Presos no último dia 7, durante a Operação Hygeia, da Polícia Federal, os irmãos Valdebran e Waldemir Padilha ganharam a liberdade, na noite deste domingo (18), por decisão do desembargador Olinto Menezes, plantonista do Tribunal Regional Federal (TRF) da 1ª Região, em Brasília.
A decisão do magistrado atende a um recurso que o advogado de defesa dos irmãos, Roger Fernandes, interpôs na sexta-feira (16). Ele pediu a anulação da prisão preventiva que o juiz Julier Sebastião, da 1ª Vara Federal, em Cuiabá, decretara na quinta-feira (15).
Empresários da área da construção civil, Valdebran e Waldemar Padilha são acusados de envolvimento em um esquema que desviou, pelo menos, R$ 51 milhões da Fundação Nacional da Saúde (Funasa). A fraude, segundo investigações da PF, era praticada por meio de Oscips, entre elas, a Creatio e a Idhas, além de prefeituras municipais em Mato Grosso.
Esta é a segunda decisão do desembargador Olinto Menezes, em menos de 24 horas.

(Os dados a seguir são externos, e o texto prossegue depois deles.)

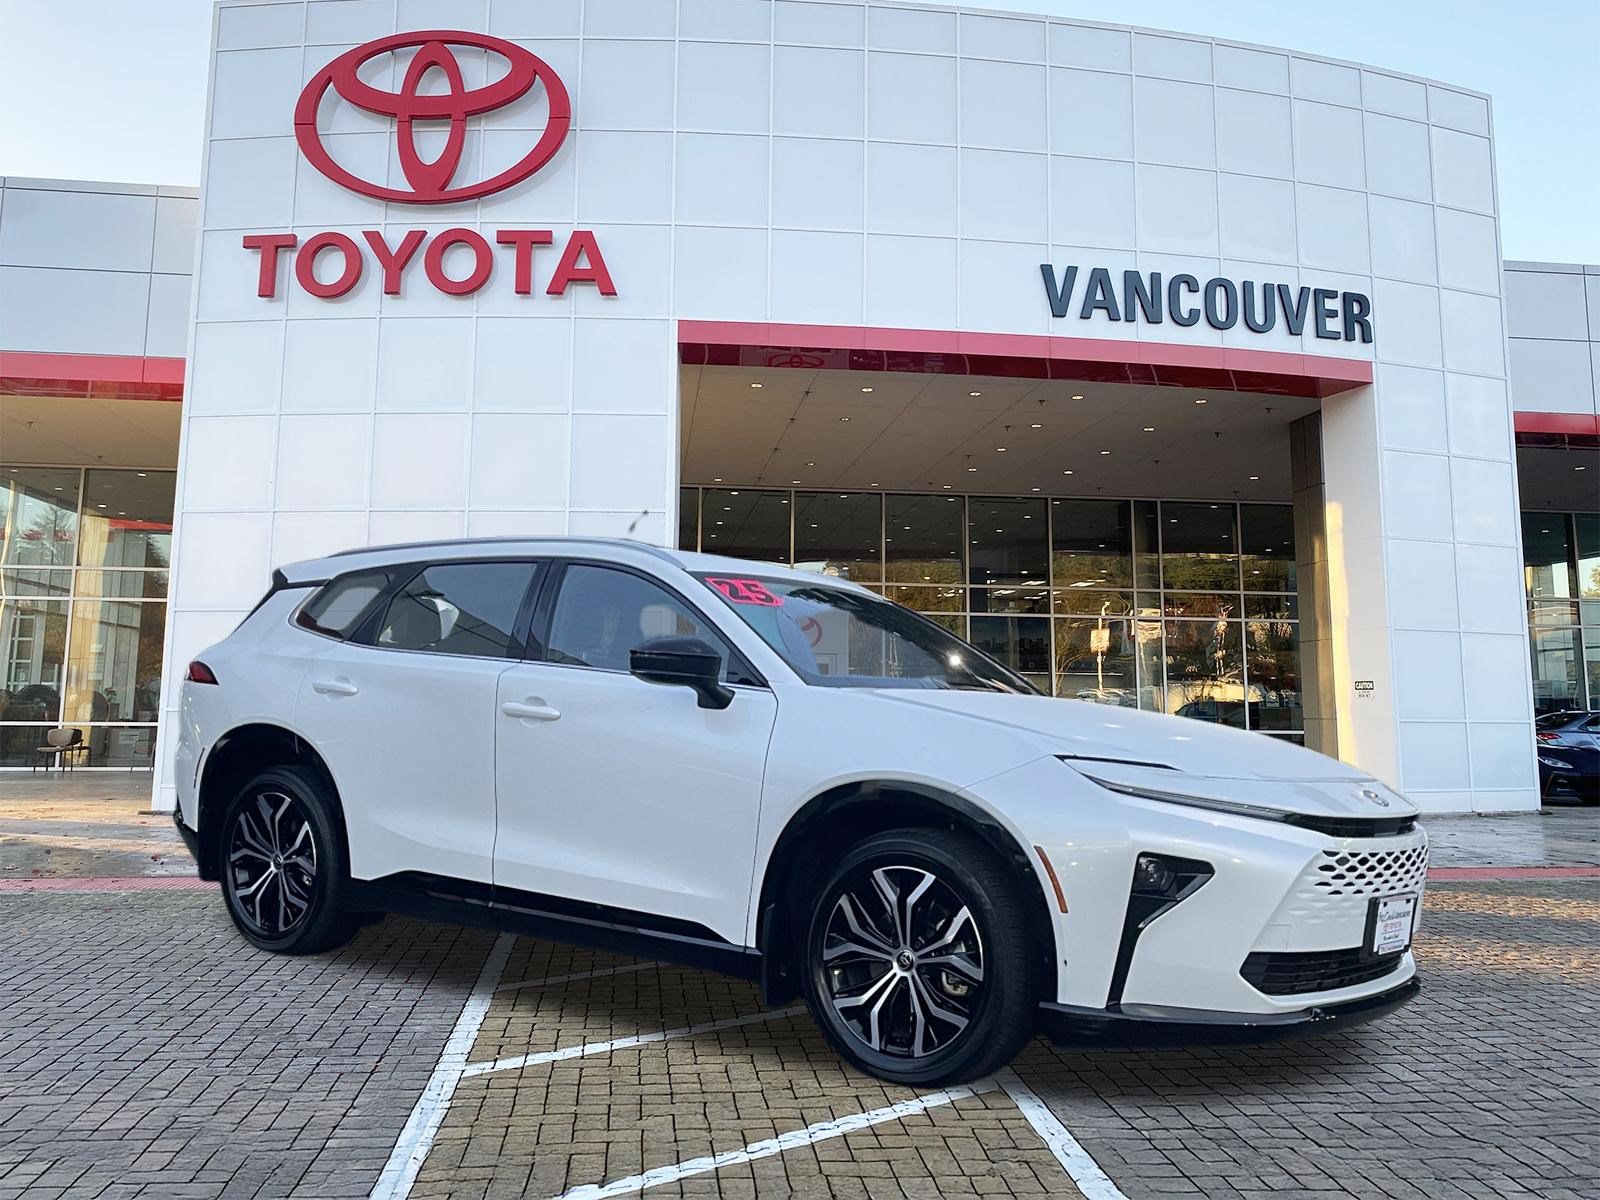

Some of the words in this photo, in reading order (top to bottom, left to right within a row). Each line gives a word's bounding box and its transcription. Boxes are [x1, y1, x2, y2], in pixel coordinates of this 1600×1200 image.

Na noite de sábado (17), o magistrado deferiu recurso interposto pelo advogado Ulisses Rabaneda e mandou libertar dois dirigentes do PMDB: Carlos Miranda, tesoureiro da sigla, e José Luis Gomes Bezerra, sobrinho e assessor do presidente regional do partido, deputado federal Carlos Bezerra.
O terceiro dirigente do PMDB de Mato Grosso, o secretário-geral da Executiva Municipal, Rafael Bastos, como MidiaNews revelou, deixou a prisão na sexta-feira (16), por decisão do juiz Julier Sebastião da Silva, da 1ª Vara Federal.
Bastos, Miranda e Bezerra foram presos durante a Operação Hygeia, deflagrada pela Polícia Federal, em parceria com o Ministério Público Federal e a Controladoria-Geral da União (CGU), no último dia 7.
Com a libertação de Carlos Miranda, Rafael Bastos, José Luiz Bezerra, Valdebran Padilha e Waldemar Padilha, oito pessoas ainda estão presas preventivamente, por decisão da Justiça Federal.